**WORK TO COMPLETE**
Transcribe these records exactly, dropping every picture.

**TASK DATA**
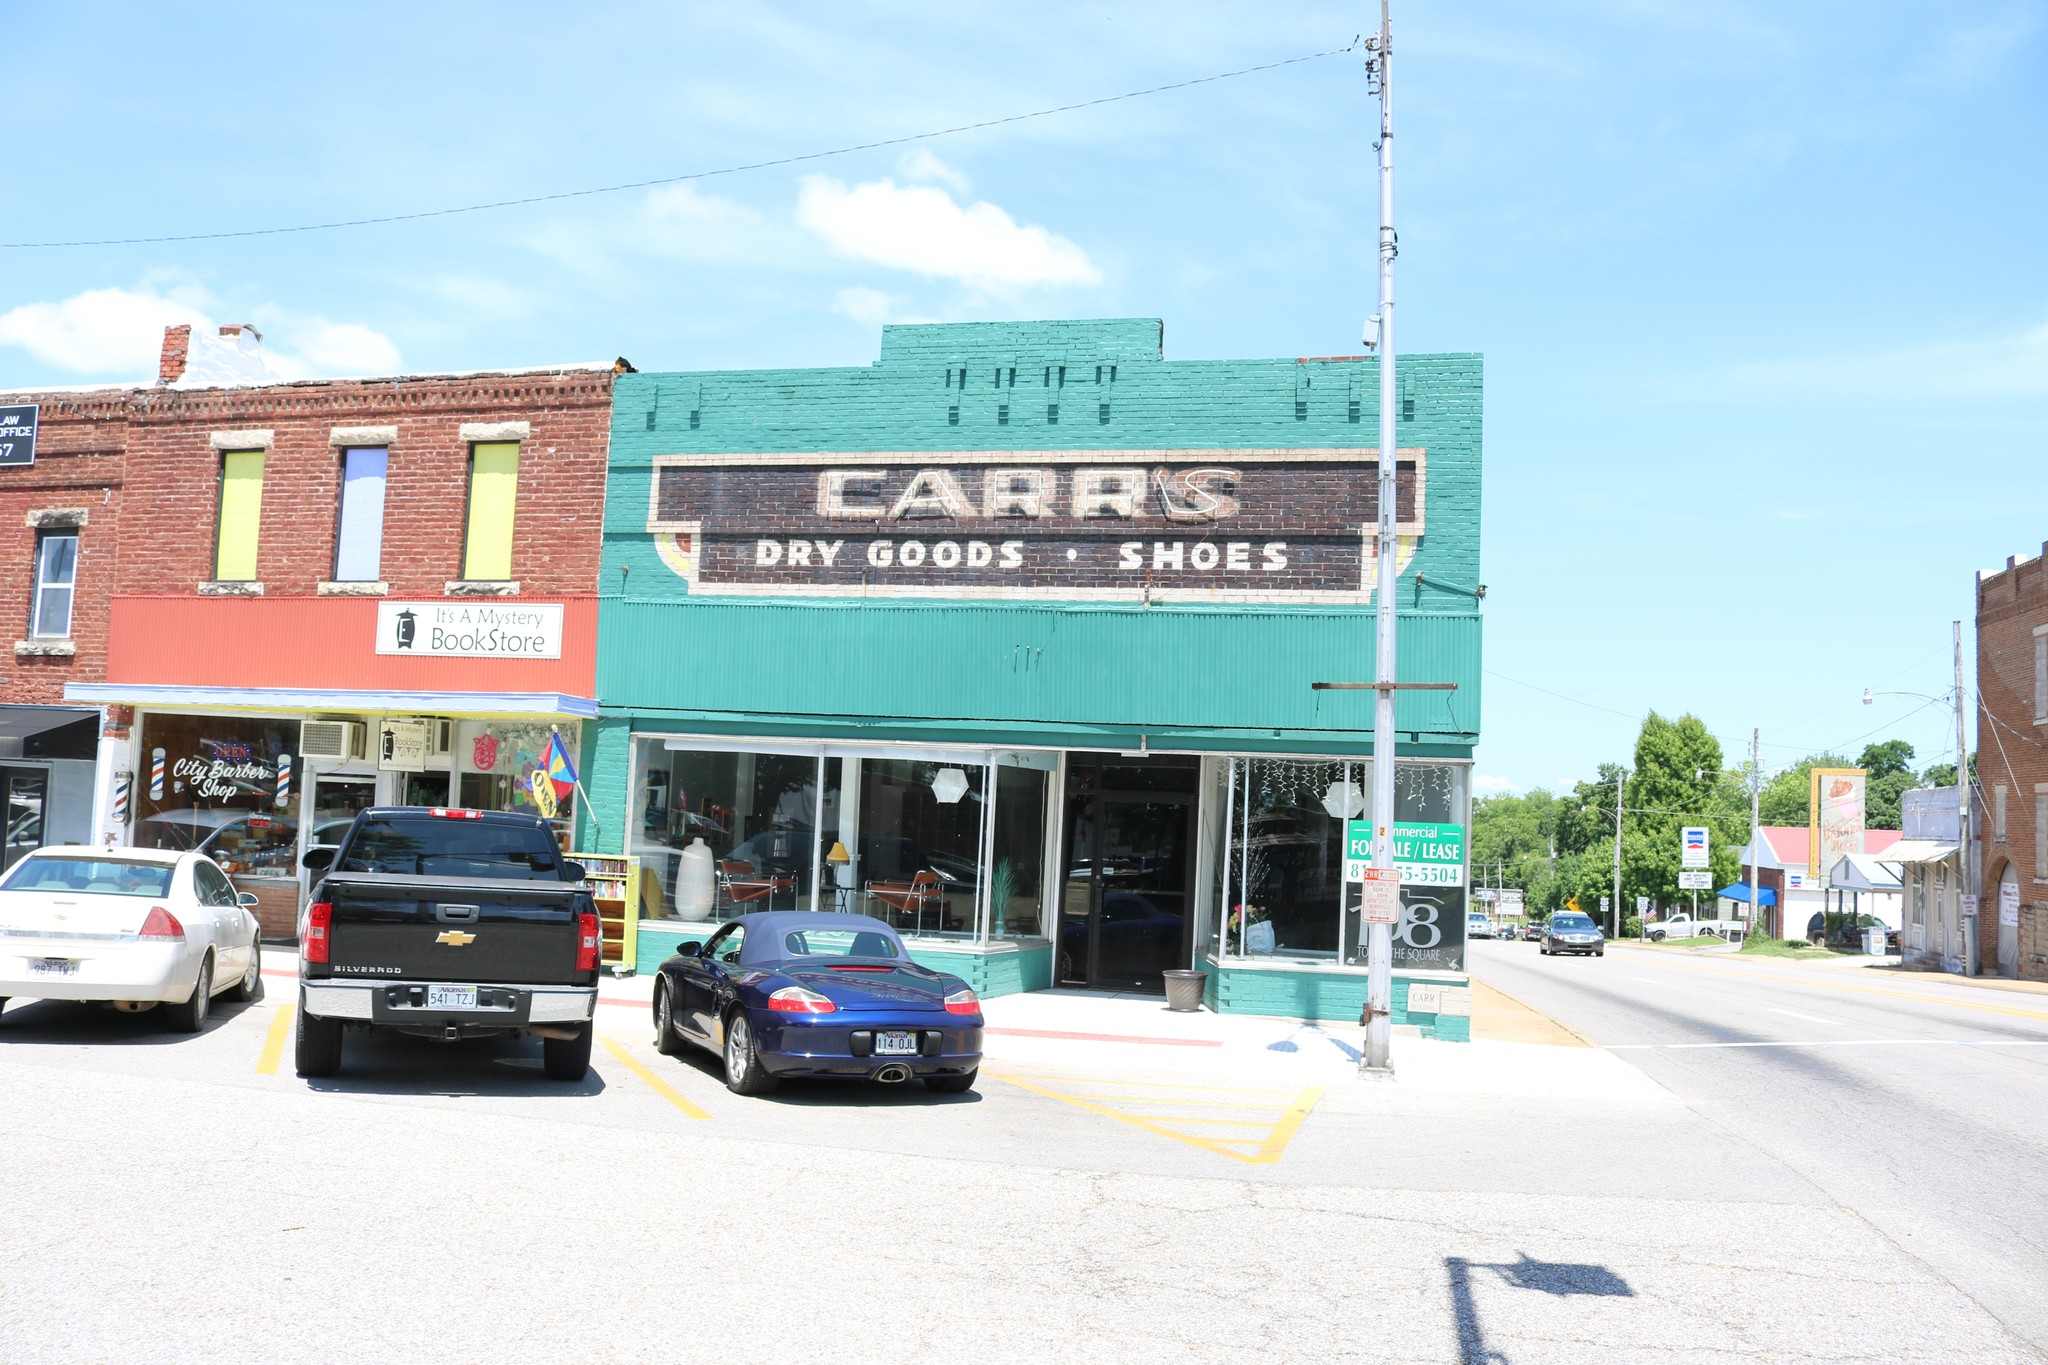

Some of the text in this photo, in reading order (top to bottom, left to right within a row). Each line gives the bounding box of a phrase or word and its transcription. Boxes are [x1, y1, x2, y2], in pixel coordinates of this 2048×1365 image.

[756, 539, 1288, 571] DRY GOODS SHOES
[436, 608, 544, 629] It's A Mystery
[431, 627, 545, 652] BookStore
[215, 746, 247, 757] OPEN
[173, 757, 269, 785] City Barber
[198, 778, 237, 804] Shop
[1393, 826, 1438, 839] mmercial
[1422, 843, 1460, 860] LEASE
[1407, 949, 1441, 962] SQUARE
[34, 965, 75, 976] 987 TWJ
[334, 965, 402, 974] SILVERADO
[430, 993, 475, 1005] 541 TZJ
[1412, 992, 1435, 1003] CARR
[878, 1038, 894, 1050] 114

**WORKED SOLUTION**
Some of the text in this photo, in reading order (top to bottom, left to right within a row). Each line gives the bounding box of a phrase or word and its transcription. Boxes are [x1, y1, x2, y2], in pixel coordinates of this 2048×1365 image.

[756, 539, 1288, 571] DRY GOODS SHOES
[436, 608, 544, 629] It's A Mystery
[431, 627, 545, 652] BookStore
[215, 746, 247, 757] OPEN
[173, 757, 269, 785] City Barber
[198, 778, 237, 804] Shop
[1393, 826, 1438, 839] mmercial
[1422, 843, 1460, 860] LEASE
[1407, 949, 1441, 962] SQUARE
[34, 965, 75, 976] 987 TWJ
[334, 965, 402, 974] SILVERADO
[430, 993, 475, 1005] 541 TZJ
[1412, 992, 1435, 1003] CARR
[878, 1038, 894, 1050] 114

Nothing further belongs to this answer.